4.     Blank papers for anonymous questions

5.     Pencils or pens


 Upon arrival:

1.     Arrange seating (if possible) to facilitate discussion. All students should be able to see the presenter (e.g. semi-circle).

2.     Write on the board:

Middle Way House

(812) 336-0846 24/7 crisis line




·         Introduce yourself personally. Explain briefly what your role is at the MWH/Rise.

·         If an OSA is available they should introduce themselves, and explain their role. Explain that some of the information we will discuss can be upsetting, and anyone should feel free to step out if uncomfortable. The OSA will follow anyone out the classroom in case they want to talk. OSAs should assure confidentiality.




·         Ask by show of hands how may students have heard of the Middle Way House. Ask those who raised their hands to share what they know.

·         Explain that MWH is a non-profit organization committed to fighting gender violence. The Middle Way House encompasses a number of services:

       An emergency shelter for women and children who need a safe place to stay because of violence at home.

       A rape crisis center with trained advocates that meet people that have experienced sexual assault at the hospital and on scene (if the perpetrator has been arrested).
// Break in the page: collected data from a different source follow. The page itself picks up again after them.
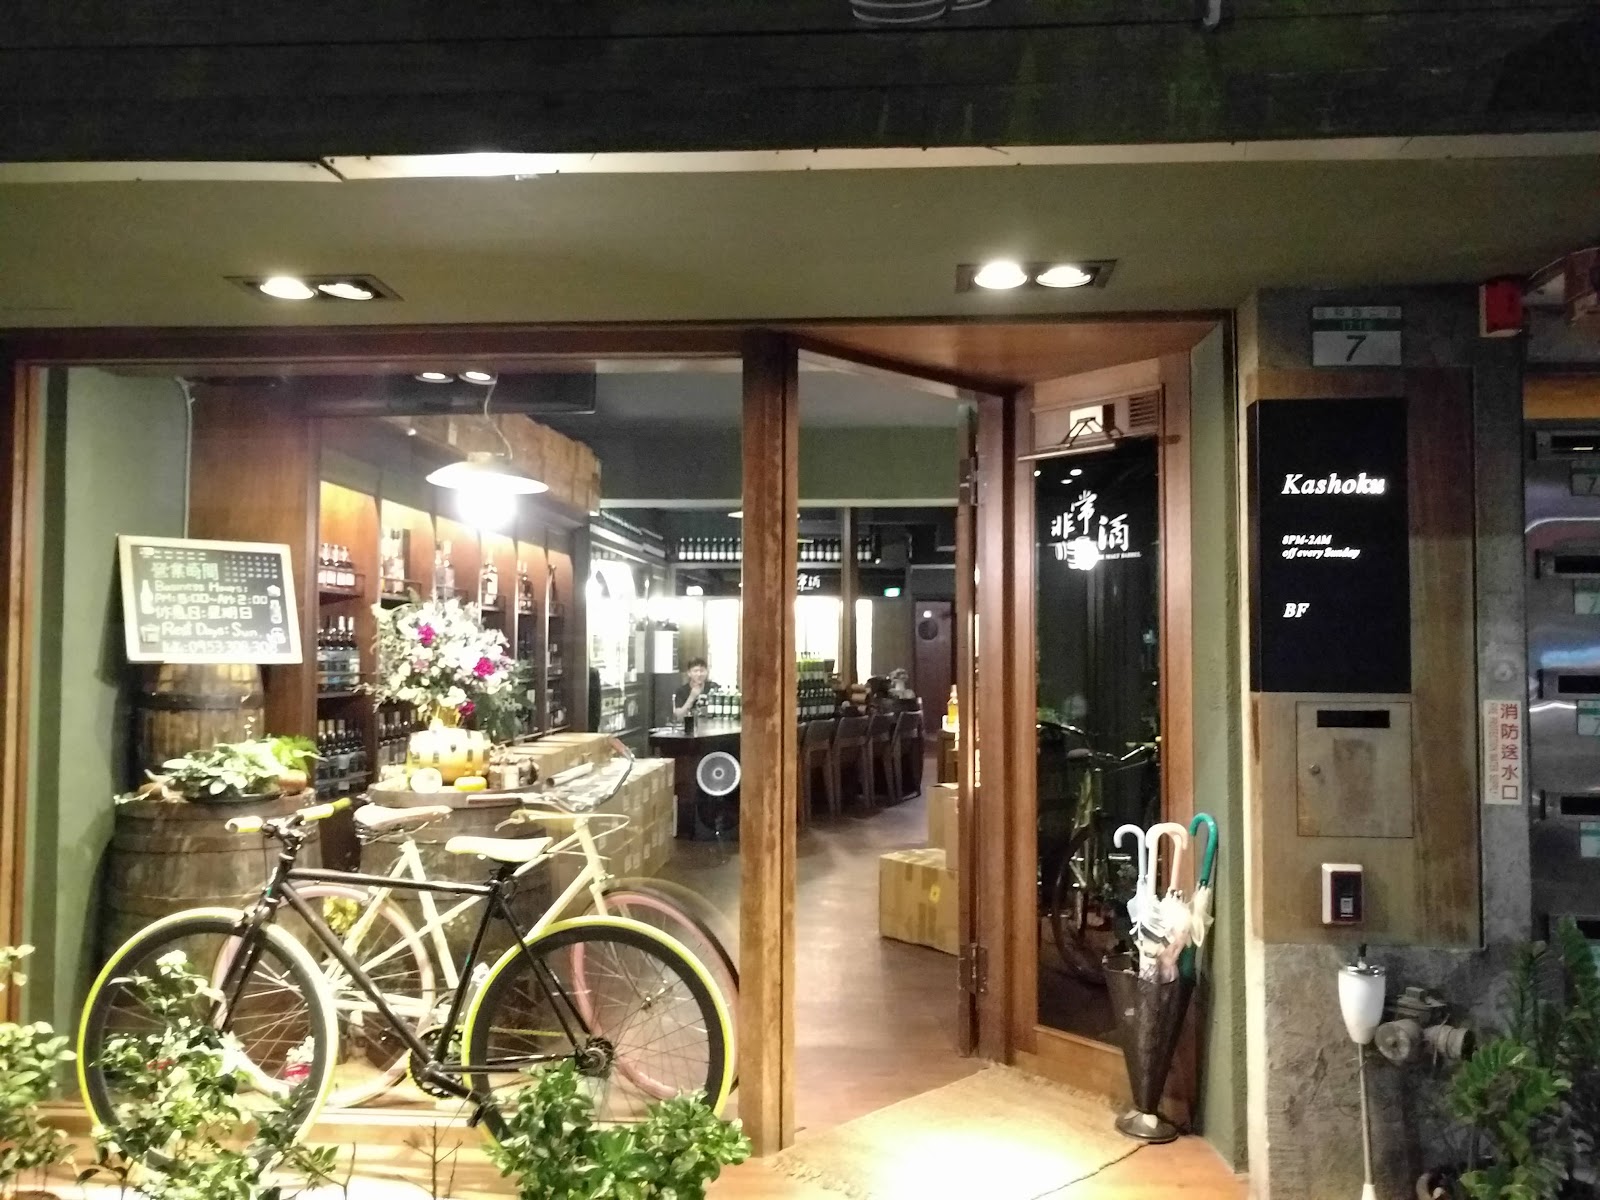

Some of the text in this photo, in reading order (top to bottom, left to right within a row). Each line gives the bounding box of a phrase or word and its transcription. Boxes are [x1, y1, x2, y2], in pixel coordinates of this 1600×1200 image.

[1346, 335, 1367, 362] 7
[1281, 472, 1386, 495] Kashoku
[1281, 534, 1333, 545] 8PM-2AM
[1282, 547, 1361, 560] off every Sunday
[1282, 603, 1310, 618] BF
[1500, 702, 1519, 800] 消防送水口
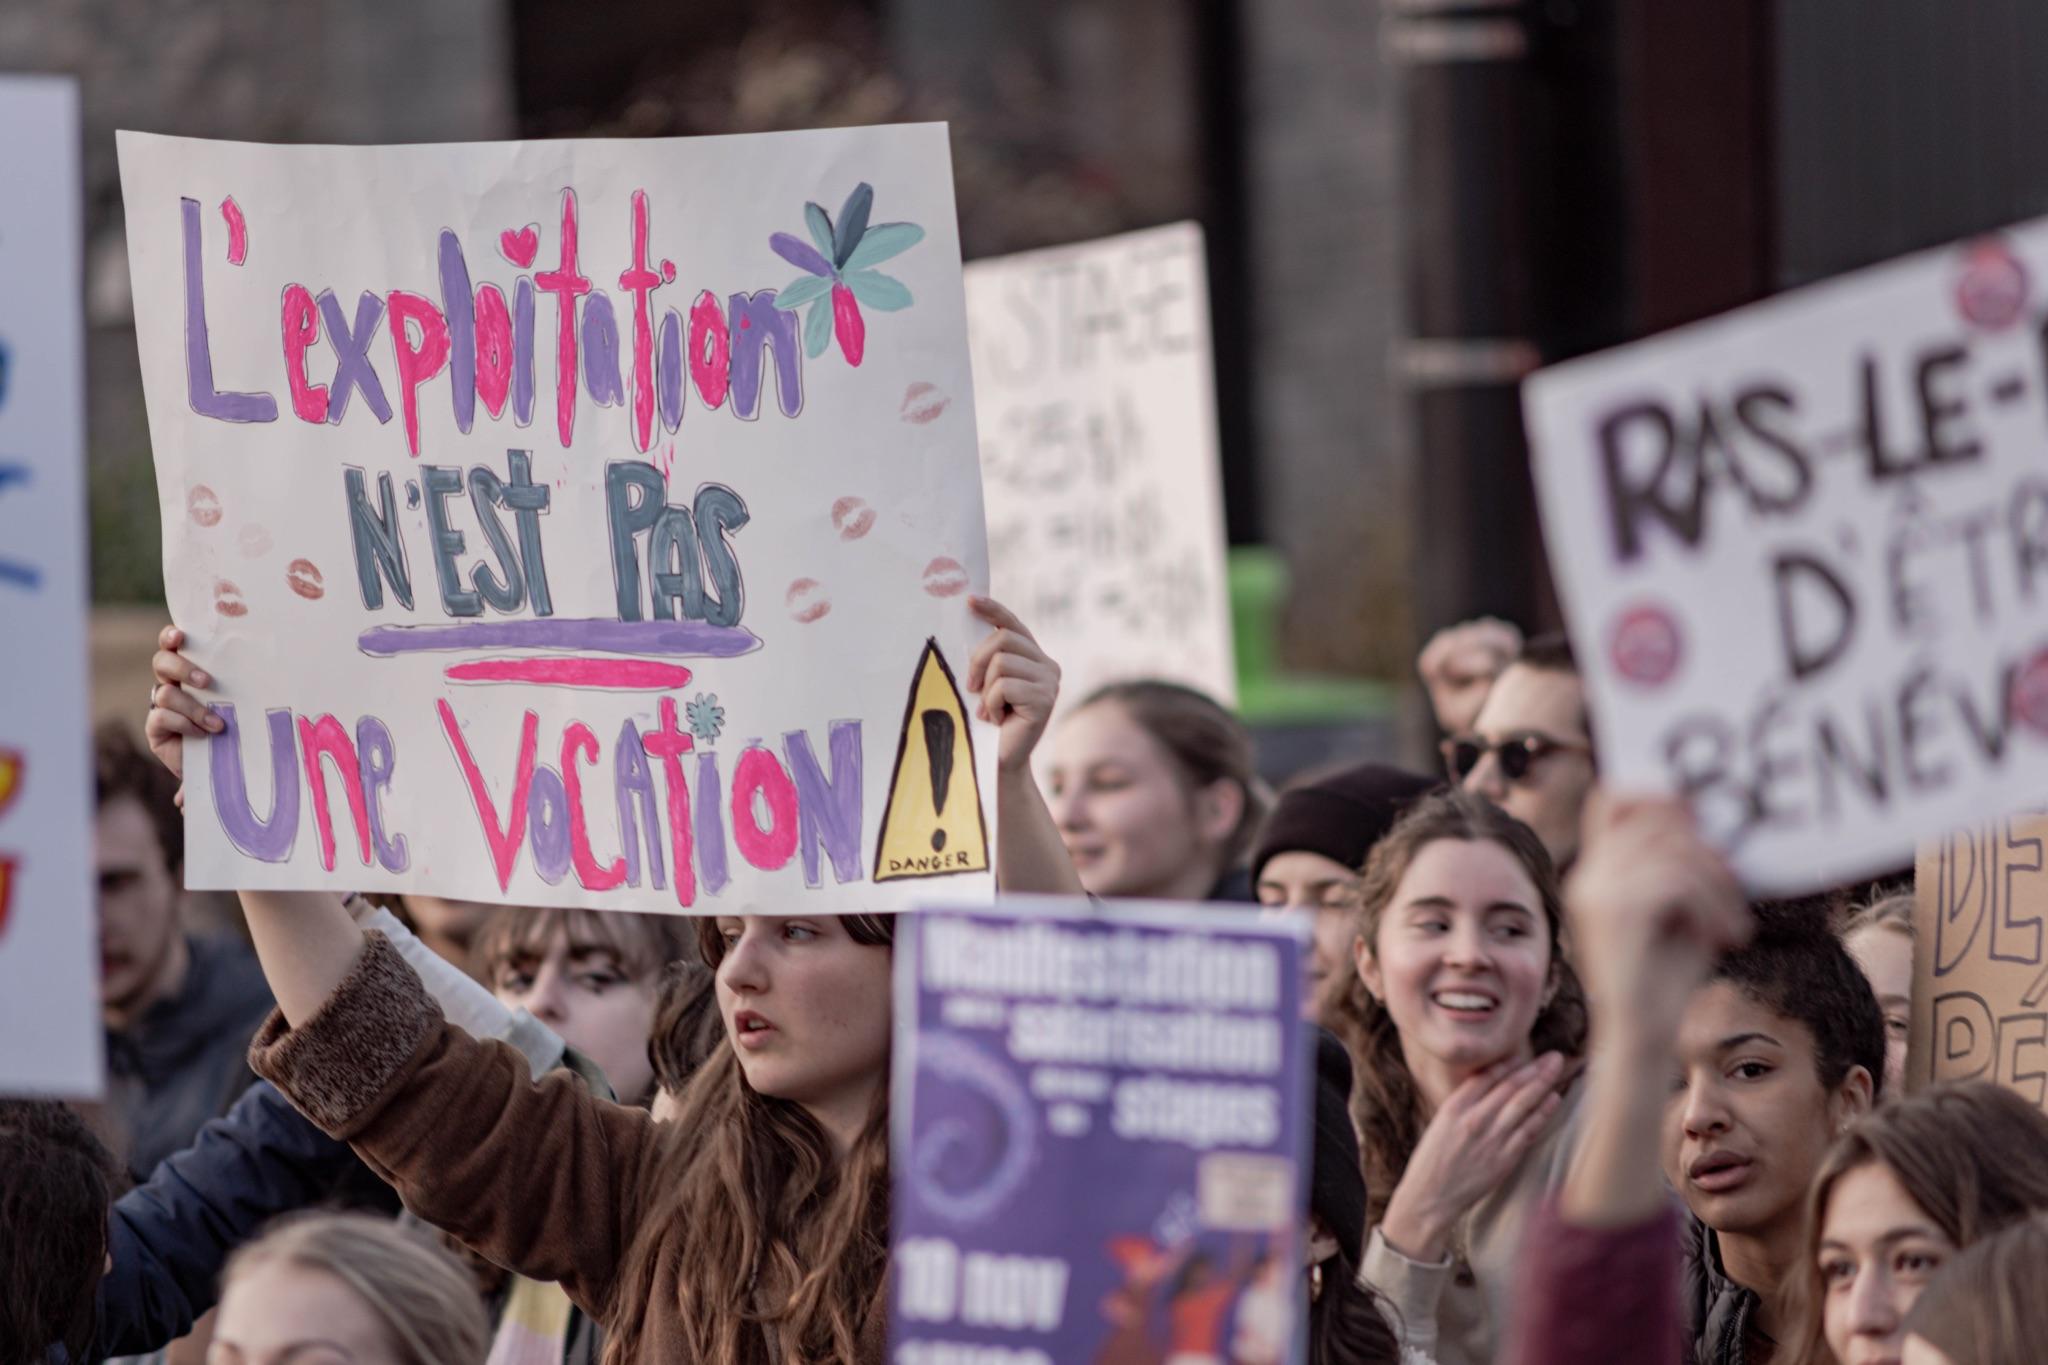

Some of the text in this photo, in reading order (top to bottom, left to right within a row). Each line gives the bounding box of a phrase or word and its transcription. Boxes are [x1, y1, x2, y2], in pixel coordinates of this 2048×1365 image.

[181, 187, 804, 457] L'exploitation
[604, 459, 752, 627] PAS
[1596, 312, 2048, 565] RAS-LE-
[888, 850, 970, 872] DANGER
The advocates also are available for phone support. The advocates are available 24/7. This service is available to all genders.

       A crisis line available 24/7 for people to receive support, ask questions, receive resources regarding relationships, domestic violence and sexual assault. Indicate the number on the board and explain the free, anonymous, confidential concepts. This service is available to all genders.

       Rise transitional housing. For women and children that have experience domestic violence. It is a 28 unit building where families can reside for up to two years.

       Free legal consultation e.g. help filing for protective orders or divorce. Legal advocates also accompany survivors to court.

       Education and prevention programs like the one we are presenting today.


·         Ground Rules


Ask the class what kind of ground rules they would like to have for our discussion. We want it to be a safe place for people to voice their opinions and learn from each other.

If they have not said it already, add:

       Agree to disagree.

We may have strong opinions, and it is ok for people to disagree.



What is said in the room stays in the room


·         Why are we here?

We are here today to talk about the impact of sexual assault, and to discuss ides of consent and sexual safety. We are not here to say if you should be in romantic relationships or having sex. We are here to provide information and have a discussion. You will have a chance to ask us an anonymous question at the end of the program. Please feel free to ask questions at any time.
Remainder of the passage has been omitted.